O HEARD ye yon pibrach sound sad in the gale,
Where a band cometh slowly with weeping and wail?
’Tis the chief of Glenara laments for his dear;
And her sire, and the people, are call’d to her bier.
Glenara came first with the mourners and shroud;
Her kinsmen they follow’d, but mourn’d not aloud:
Their plaids all their bosoms were folded around:
They march’d all in silence—they look d on the ground.
In silence they reach’d over mountain and moor,
To a heath, where the oak-tree grew lonely and hoar;
Now here let us place the grey stone of her cairn:
‘Why speak ye no word!’—said Glenara the stern.
‘And tell me, I charge you! ye clan of my spouse,
‘Why fold ye your mantles, why cloud ye your brows?’
So spake the rude chieftain:—no answer is made,
But each mantle unfolding a dagger display’d.
‘I dreamt of my lady, I dreamt of her shroud,’

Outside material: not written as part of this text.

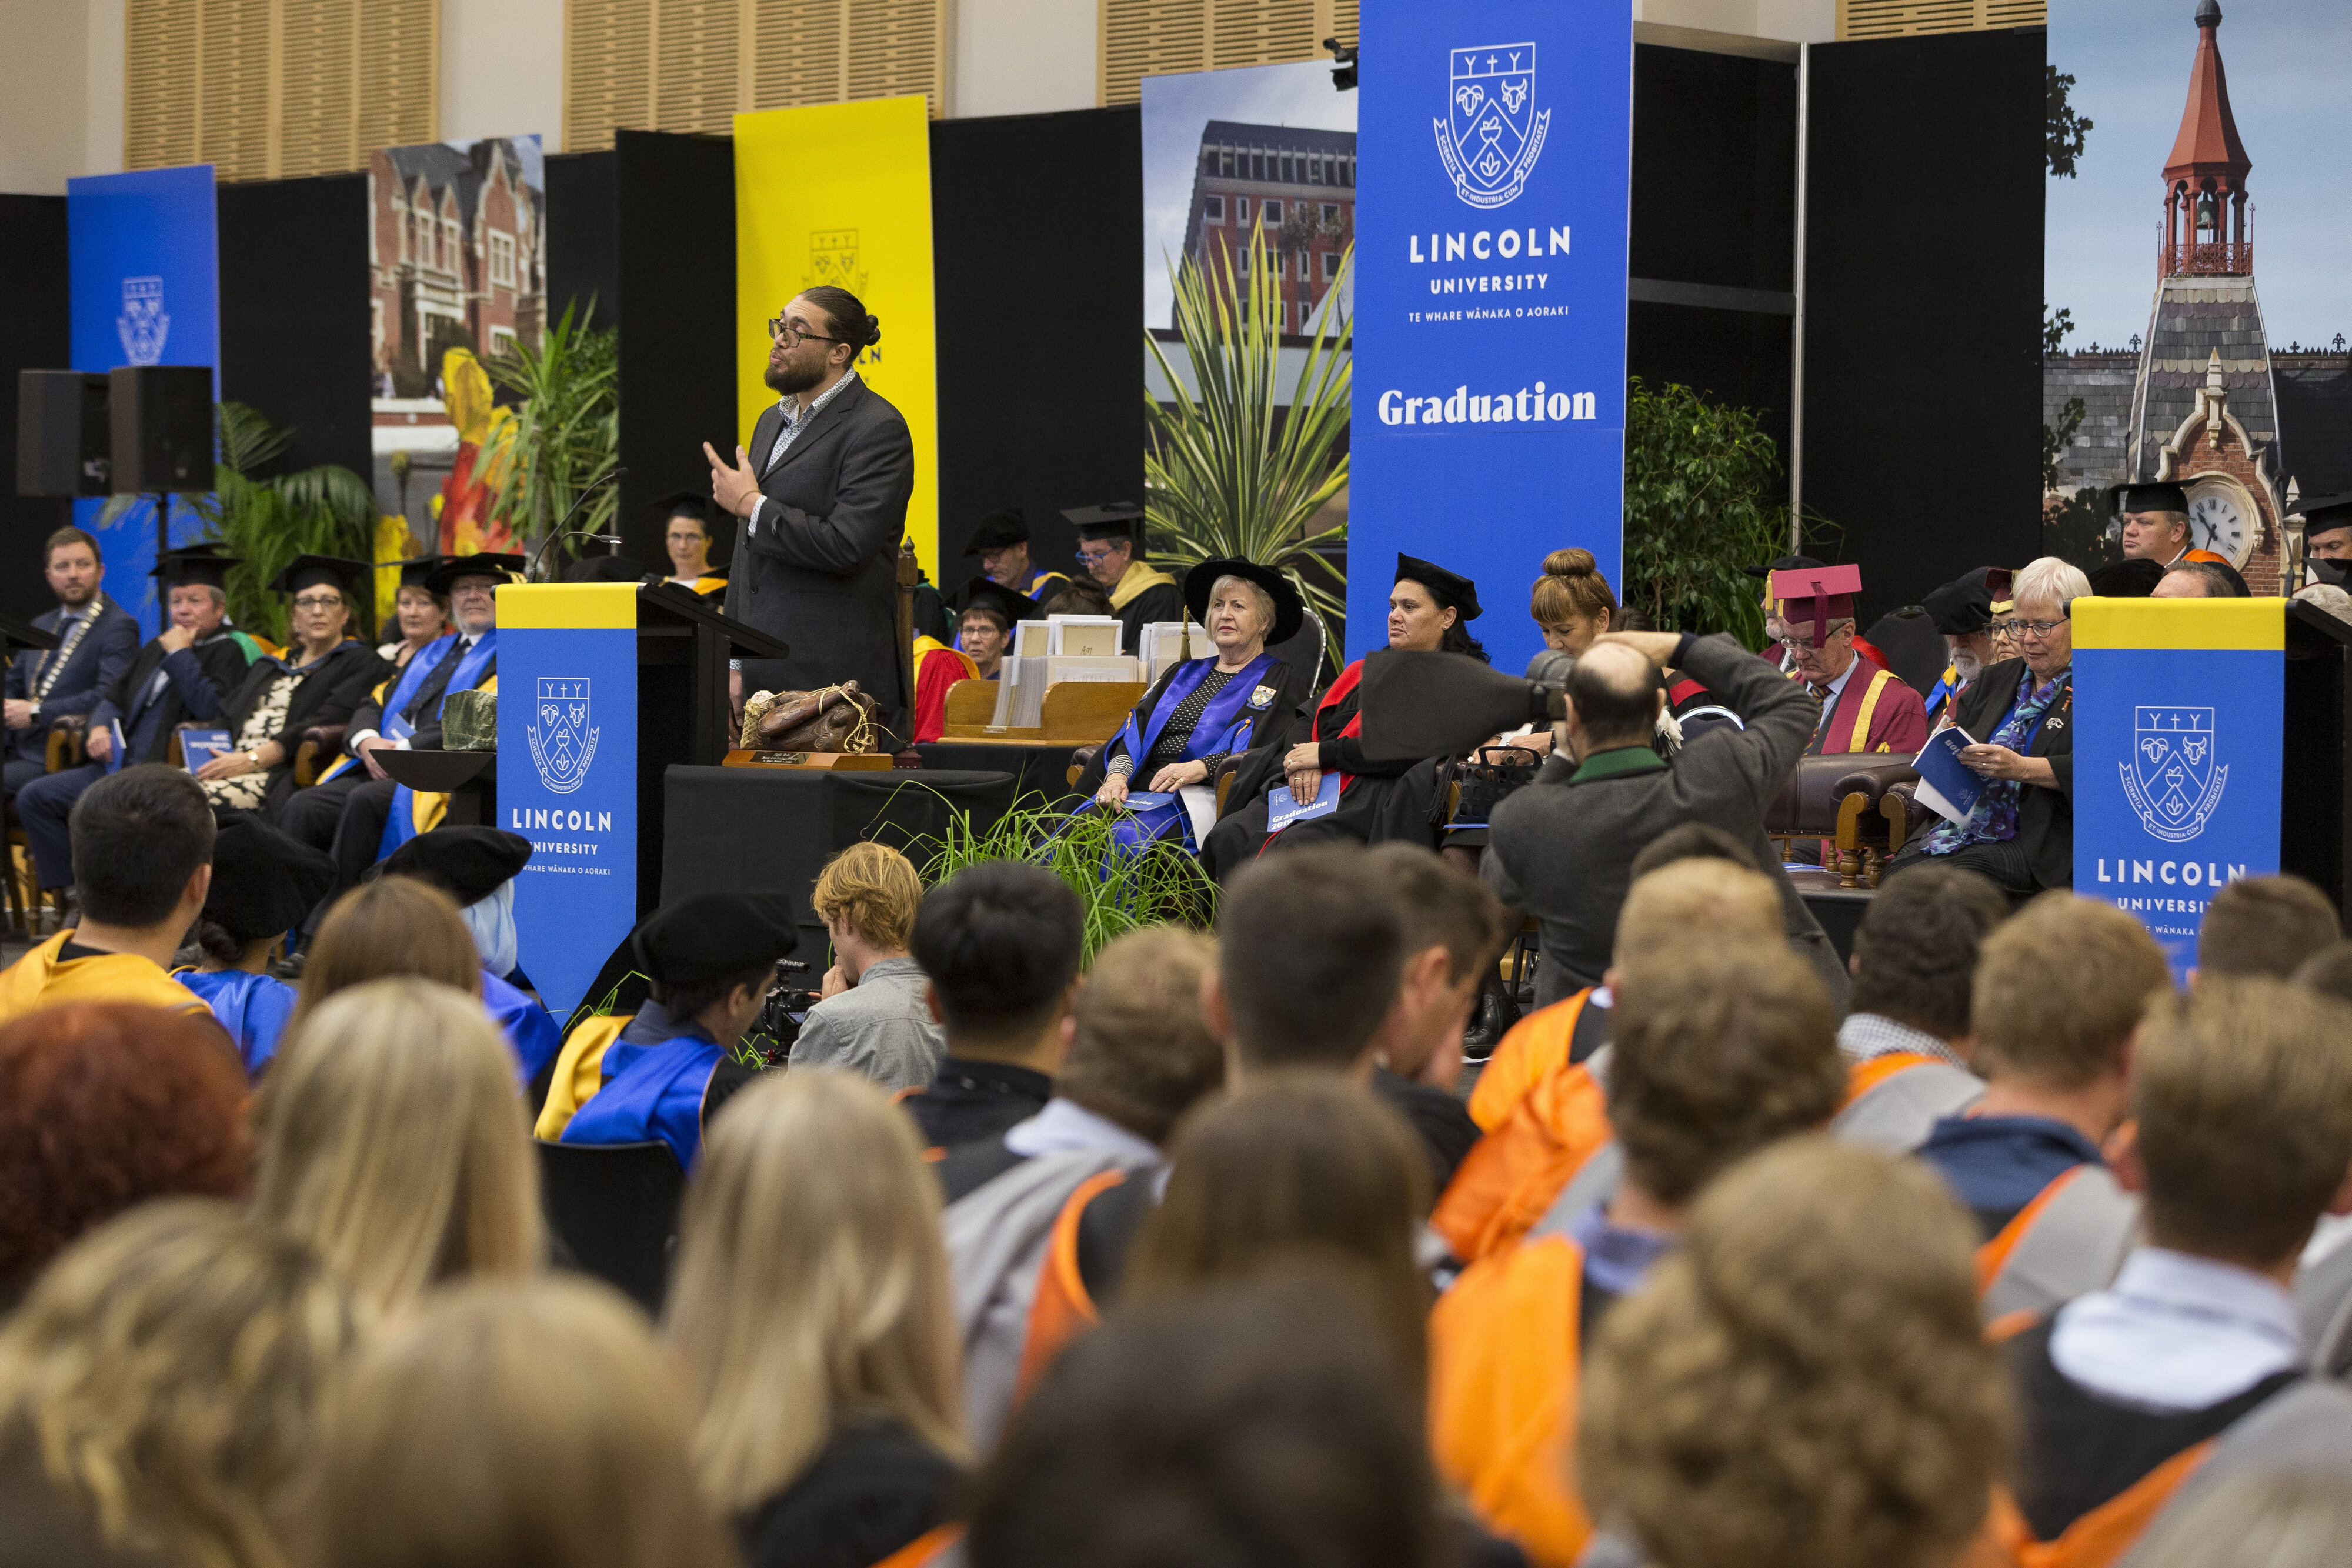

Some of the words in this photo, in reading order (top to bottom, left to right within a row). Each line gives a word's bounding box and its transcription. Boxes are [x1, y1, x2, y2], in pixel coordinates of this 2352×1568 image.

Cried a voice from the kinsmen, all wrathful and loud;
‘And empty that shroud, and that coffin did seem:
‘Glenara! Glenara! now read me my dream!’
O! pale grew the cheek of that chieftain, I ween,
When the shroud was unclos’d, and no lady was seen;
When a voice from the kinsmen spoke louder in scorn,
’Twas the youth who had lov’d the fair Ellen of Lorn:
‘I dreamt of my lady, I dreamt of her grief,
‘I dreamt that her lord was a barbarous chief;
‘On a rock of the ocean fair Ellen did seem;
‘Glenara! Glenara! now read me my dream!’
In dust, low the traitor has knelt to the ground,
And the desert reveal’d where his lady was found;
From a rock of the ocean that beauty is borne,
Now joy to the house of fair Ellen of Lorn!